De plus, le nouveau régime ouvrait largement, de manière très opportune, l’action aux associations. En plus des associations agréées, les associations régulièrement déclarées depuis deux ans et surtout les associations ad hoc réunissant plus de 50 personnes physiques ou 5 personnes morales, pouvaient instiguer la procédure. Il s’agissait d’une ouverture sans précédent de la qualité pour agir, qui aurait fortement redynamisé le contentieux en permettant aux regroupements ponctuels de victimes de s’unir pour intenter une action. La version actuelle revient à un système classique d’agrément, laissant le monopole des poursuites à une poignée d’associations.

Afin d’écourter les délais, la proposition de loi avait supprimé, sauf en matière de droit du travail, l’obligation de mise en demeure préalable. Celle-ci, applicable en matière de discrimination, d’environnement et de données personnelles, variait entre quatre et six mois. Elle était souvent improductive et rallongeait inutilement les délais de procédure. Elle avait par conséquent été écartée du texte initial.
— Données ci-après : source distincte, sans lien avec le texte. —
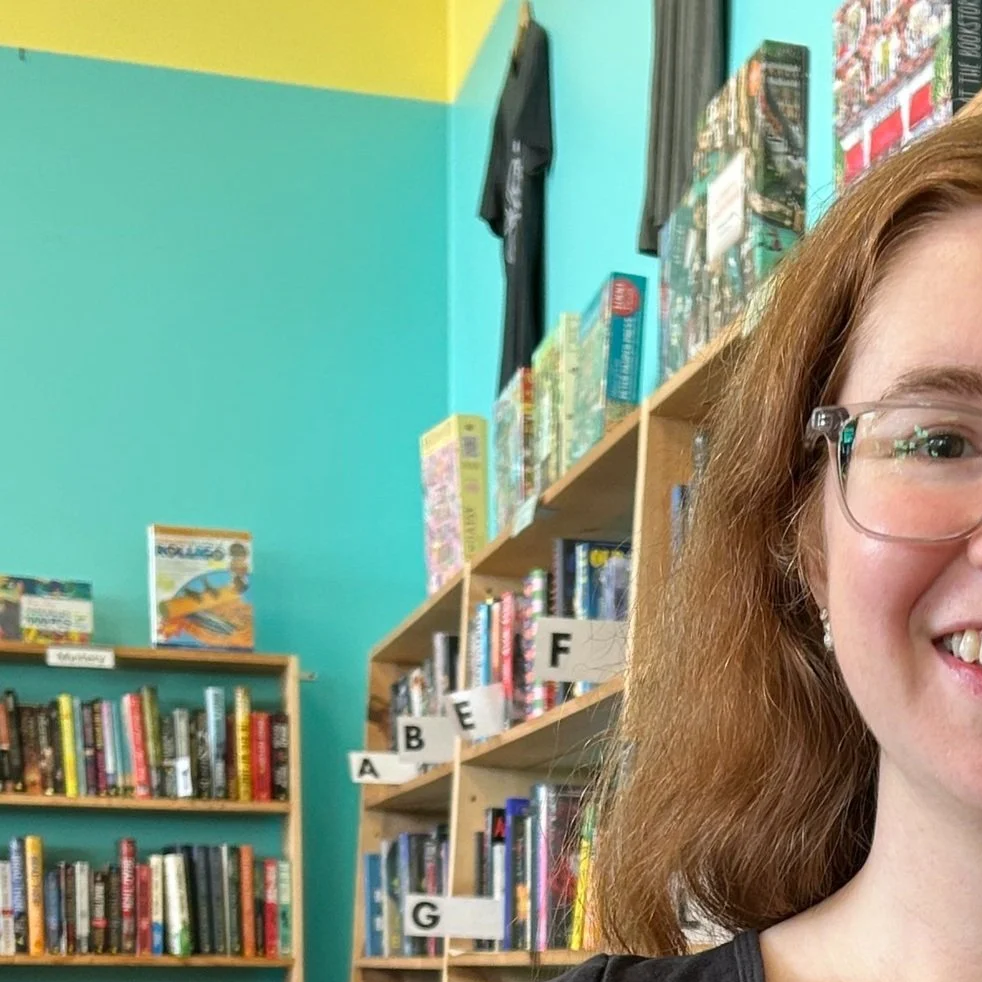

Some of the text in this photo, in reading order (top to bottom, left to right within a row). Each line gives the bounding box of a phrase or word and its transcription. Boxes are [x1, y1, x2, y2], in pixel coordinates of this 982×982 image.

Néanmoins, la nouvelle version de la proposition de loi va plus loin et non seulement réinstaure l’obligation de mise en demeure, mais l’étend à tous les contentieux.

Enfin, une mesure très remarquée de la proposition de loi initiale était l’amende civile qui permettait de sanctionner la faute lucrative ayant causé des dommages sériels d’un montant pouvant aller jusqu’à 3% du chiffre d’affaire hors taxe du professionnel. Attendue depuis longtemps, cette amende consacrait la fonction punitive de la responsabilité civile et le caractère dissuasif de l’action de groupe. Mais suivant l’avis du Conseil d’Etat qui avait exprimé des réserves sur la création de cette sanction, et craignant toujours la désorganisation du secteur économique par une incitation trop forte à respecter la loi, la nouvelle version du texte supprime purement et simplement la sanction civile, et en revient à une conception classique de la responsabilité civile : réparer sans dissuader.
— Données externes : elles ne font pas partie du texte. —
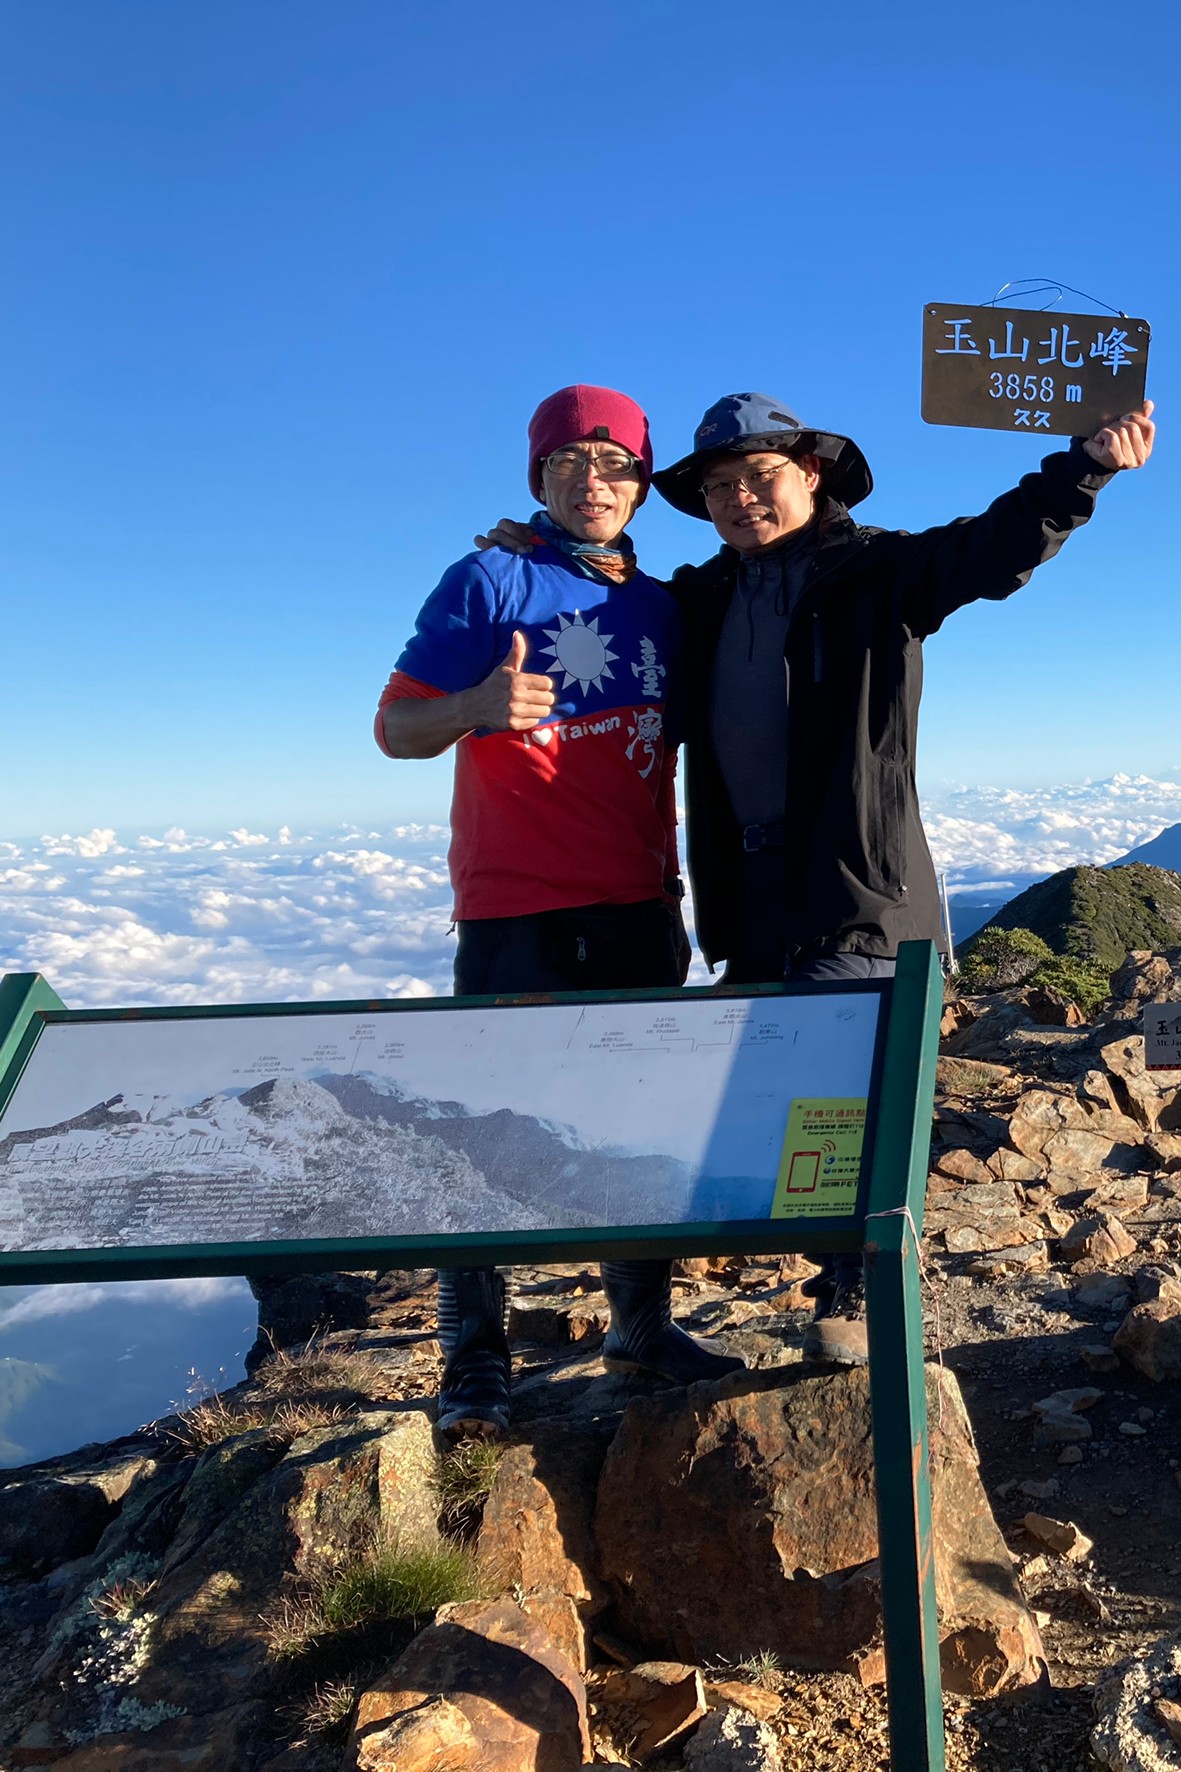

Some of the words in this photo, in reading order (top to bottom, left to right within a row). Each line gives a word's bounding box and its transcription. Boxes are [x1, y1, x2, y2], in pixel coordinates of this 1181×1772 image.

[935, 318, 1139, 376] 玉山北峰
[988, 372, 1054, 402] 3858
[1065, 384, 1082, 403] m
[625, 635, 667, 779] 臺灣
[523, 732, 531, 749] I
[554, 715, 621, 742] Taiwan
[1157, 1039, 1169, 1047] Mt.
Nous saluerons tout de même quelques avancées conservées par le texte, comme l’ouverture à certaines matières qui n’étaient pas encore inclues dans la loi de 2016 (on pense notamment aux contentieux relatifs aux déséquilibres dans les relations commerciales en droit de la distribution), l’harmonisation des préjudices indemnisables, ou la potentielle prise en charge des frais d’instruction et des dépens par l’Etat.

Pas de clerc ? Le texte en sa version actuelle constitue un franc recul par rapport à sa version précédente, adoptée par l’Assemblée. Si celle-ci prenait en considération certains des freins que les 10 ans de la cousine réfractaire de la class action avaient mis en évidence, le texte actuel les ignore allègrement. Au moment où la France doit transposer la direction sur les actions représentatives en protection des intérêts collectifs des consommateurs par laquelle l’Union européenne a créé les conditions d’aller de l’avant en la matière, l’adoption du texte par les sénateurs constituerait une régression dans la recherche d’effectivité des droits substantiels et d’efficience des procédures en justice.